Omeopatia e ricerca scientifica, un connubio possibile?
L'AZIENDA
Omeopatia e ricerca scientifica, un connubio possibile?
L’omeopatia si avvale di metodi scientifici rigorosi e le nuove piste di ricerca potrebbero concentrarsi sul ruolo che può avere in un approccio di medicina integrata, accanto a quella convenzionale. Se ne è discusso in un webinar organizzato da Boiron
22 ottobre 2020
di Claudio Buono
È questo il tema del webinar promosso di recente da Boiron e che ha visto come relatrice Rachel Roberts, Chief executive dell’Homeopathy research Institute (Hri). Nel corso dell’evento digitale, la Roberts ha evidenziato come i detrattori dell’omeopatia (a partire dal rapporto australiano del National Health and Medical Research Council (Nhmrc) pubblicato nel 2015 e successivamente smontato in ogni suo punto dall’Hri) sostengano che non esistono studi scientifici a supporto della sua plausibilità e che tutt’al più le si può attribuire un effetto placebo, mentre molti altri credono che gli studi che l’hanno testata abbiano fornito risultati negativi. «Questo non corrisponde al vero», spiega l’esperta. «Esistono dati significativi a sostegno dell’evidenza scientifica dell’omeopatia. I più recenti e solidi, provenienti da una meta-analisi del 2014 di studi randomizzati controllati in doppio cieco con placebo, hanno dimostrato che i rimedi, quando sono prescritti durante il trattamento individualizzato, hanno una probabilità di 1,5 a 2,0 volte maggiore di essere efficaci rispetto al placebo».
La polemica delle ultradiluizioni
Il punto cruciale su cui si focalizzano i critici dell’omeopatia è che i suoi rimedi sono talmente diluiti da non avere nulla dentro. Sulla questione la Roberts ribadisce che anche se a oggi non si sa ancora con precisione quale sia il meccanismo d’azione dell’omeopatia, in quasi il 75 per cento degli esperimenti in vitro con diluizioni infinitesimali si è osservato un effetto biologico, e quasi il 75 per cento delle repliche sono risultate positive. Tuttavia, al momento nessun risultato positivo si è rivelato abbastanza stabile da poter essere riprodotto ogni volta da tutti i ricercatori.

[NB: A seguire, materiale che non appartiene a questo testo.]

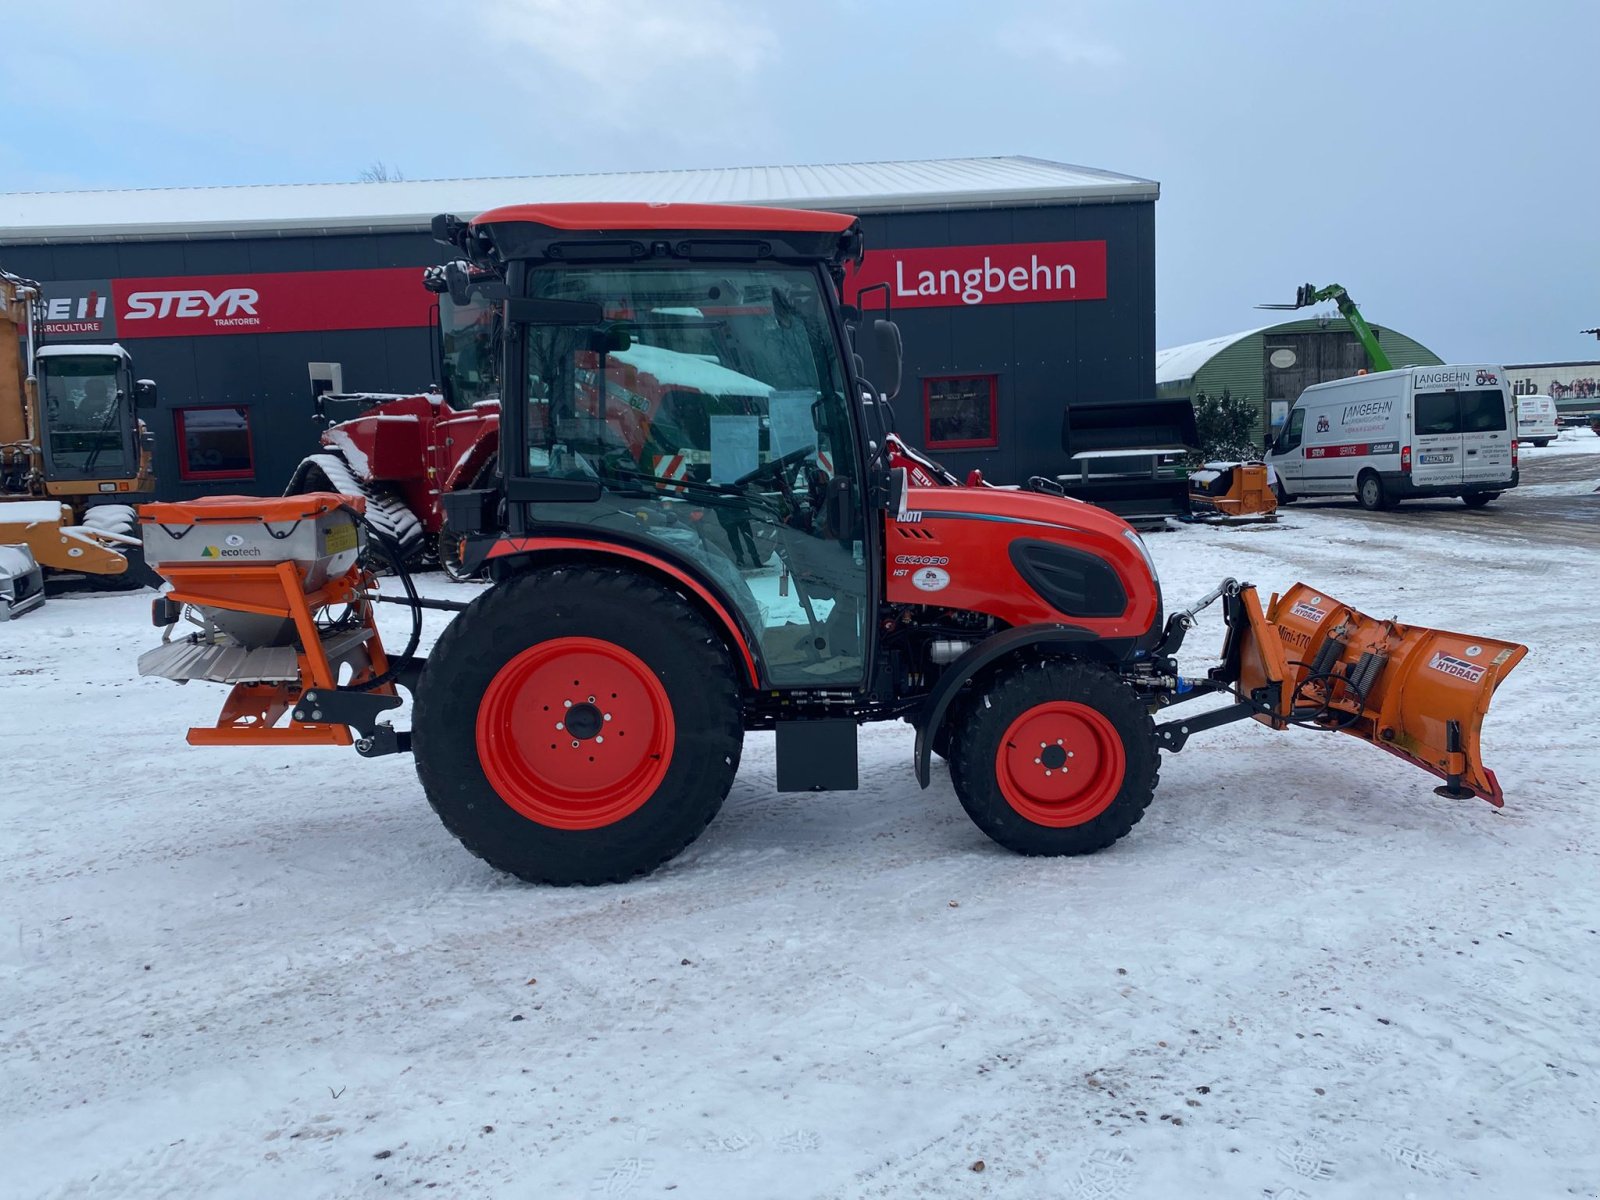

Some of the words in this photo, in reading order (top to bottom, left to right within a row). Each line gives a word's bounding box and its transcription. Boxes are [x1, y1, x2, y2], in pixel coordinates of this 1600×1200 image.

La sfida della riproducibilità
Proprio il tema della riproducibilità rappresenta la sfida della ricerca in omeopatia che, assicura la relatrice, si avvale di metodi scientifici rigorosi. «Si stanno facendo progressi in questo ambito», aggiunge, «e i migliori risultati si sono avuti, in particolare, con gli esperimenti condotti su leucociti basofili e rane, mentre progressi si riscontrano anche nell’identificazione degli esperimenti maggiormente riproducibili con le piante. Rachel Roberts conclude auspicando che per il futuro le nuove piste di ricerca si concentrino sul ruolo che l’omeopatia può avere in un approccio di medicina integrata, accanto a quella convenzionale. «Il che significa strutturare un programma strategico che conduca la ricerca verso un campo più ristretto di patologie, con l’obiettivo di raccogliere un numero significativo di dati, e contestualmente promuova modalità uniformi di indagine».